O debate sobre o fim da escala 6×1 chegou à Assembleia Legislativa do Rio de Janeiro (Alerj) nesta quinta-feira (28) acompanhado de relatos pessoais de parlamentares que afirmaram ter vivido na prática a rotina de jornadas consideradas exaustivas.
Um dia após a Câmara dos Deputados aprovar a proposta que altera o modelo de trabalho, as deputadas Tia Ju (Republicanos) e Renata Souza (Psol) usaram a tribuna para lembrar experiências profissionais anteriores à vida política e defenderam mudanças nas condições de trabalho dos brasileiros.
Durante a sessão, as duas parlamentares associaram a discussão não apenas à carga horária, mas também aos impactos da rotina sobre saúde, convivência familiar e qualidade de vida.
Relatos da rotina exaustiva
Renata afirmou que trabalhou sob o modelo 6×1 e relatou as dificuldades enfrentadas durante esse período. Segundo ela, a rotina comprometia atividades básicas do cotidiano.
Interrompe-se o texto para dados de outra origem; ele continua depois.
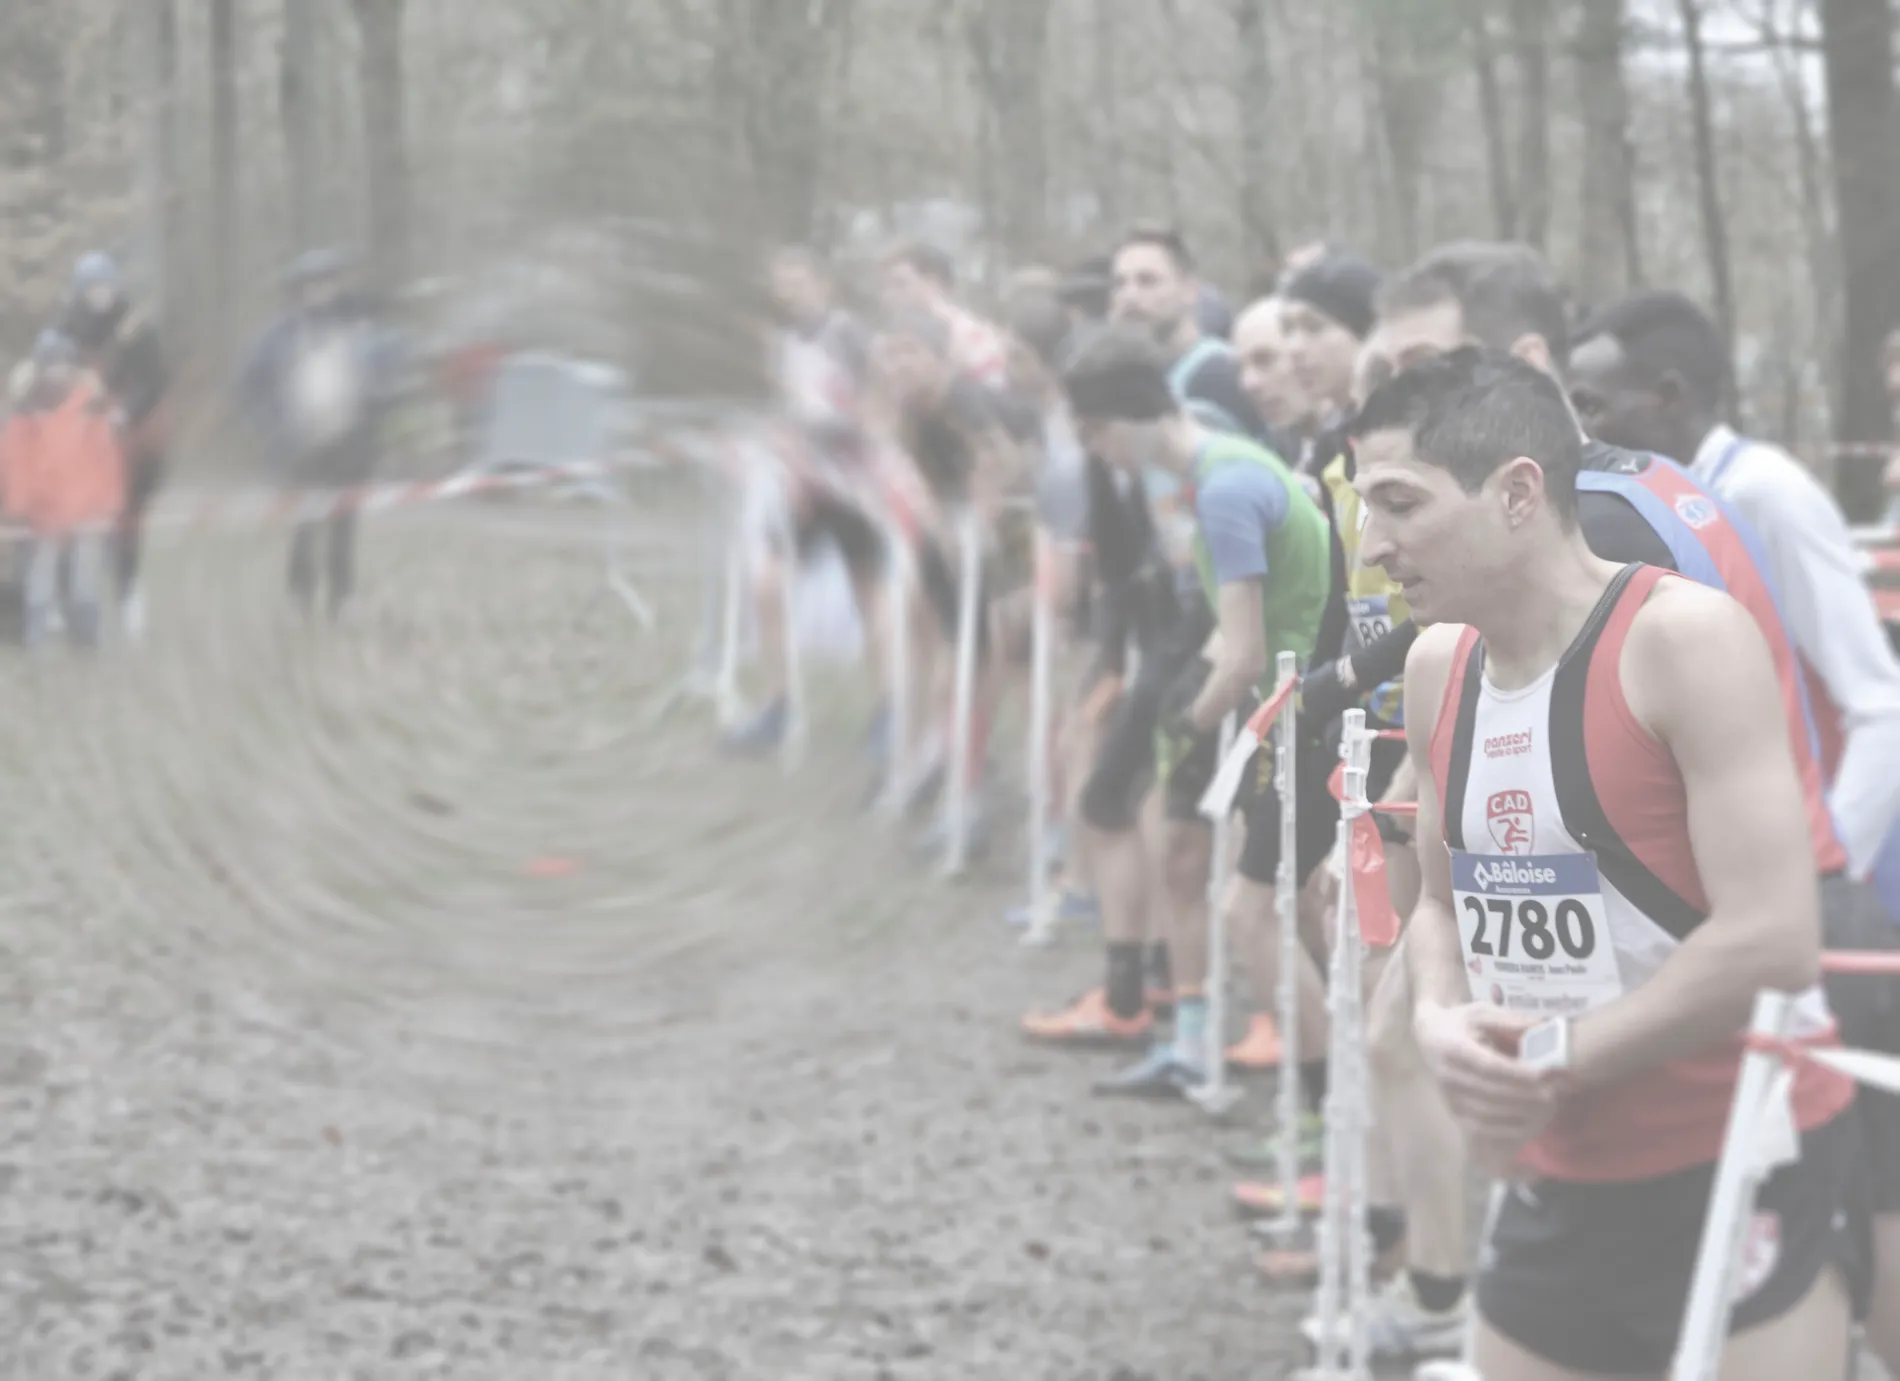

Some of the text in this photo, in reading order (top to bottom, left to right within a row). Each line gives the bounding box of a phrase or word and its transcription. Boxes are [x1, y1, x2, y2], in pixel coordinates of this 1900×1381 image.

“Essa escala que escraviza a nossa população. De seis dias trabalhados, apenas um dia de folga. Esse um dia não dá para garantir a ida ao hospital, não dá para garantir o acompanhamento das crianças, seja na escola, seja na lógica da profissionalização, não dá para garantir uma vida além do trabalho”, declarou.
A parlamentar também destacou os impactos da jornada para mulheres que acumulam diferentes responsabilidades dentro e fora do ambiente profissional. “Para nós, mulheres, que fazemos dupla, tripla jornada de trabalho, isso, sem dúvida nenhuma, é garantia de dignidade”, afirmou.
Ela relatou ainda a própria experiência antes da atuação política. “Eu acordava às 5 horas da manhã para abrir uma academia. Eu ficava trabalhando 8 horas, 9 horas seguidas em um dia e ainda tinha que trabalhar no sábado”, disse.
Experiência no comércio
A presidente da sessão, deputada Tia Ju, também fez referência à própria trajetória profissional ao comentar a aprovação da proposta. Ela contou ter trabalhado em supermercado e lanchonete durante parte da vida. “Eu trabalhei parte da minha vida toda em supermercado e lanchonete. Tinha um dia só de folga, no domingo”, relatou.
Segundo a parlamentar, além da jornada regular, ainda havia demandas extras relacionadas ao funcionamento do estabelecimento. “No supermercado, ainda a gente perdia um domingo no mês para fazer o levantamento de estoque. Então era exaustivo demais”, afirmou.
Tia Ju disse que parte do tempo livre acabava sendo consumido por deslocamentos e estudos. “Eu perdi parte da minha vida atrás de um balcão, atrás de um caixa, trabalhando, e sei como é duro, sem contar as horas perdidas nos ônibus, estudando para prova e para concurso dentro de transporte coletivo”, declarou.
Críticas ao momento do debate
Apesar de defender a aprovação da proposta, Tia Ju afirmou que considera tardio o avanço do debate sobre a escala 6×1 no Congresso Nacional. “A minha única crítica foi de ter demorado tanto para acontecer esse debate”, disse.
Segundo a deputada, temas ligados às condições de trabalho deveriam ser discutidos de forma contínua e não apenas em períodos eleitorais. “As questões da população não podem ser levadas só em ano eleitoral como questões eleitoreiras. É preciso olhar com carinho para os trabalhadores”, afirmou.
A aprovação do fim da escala 6×1 pela Câmara dos Deputados ainda será submetido ao Senado Federal.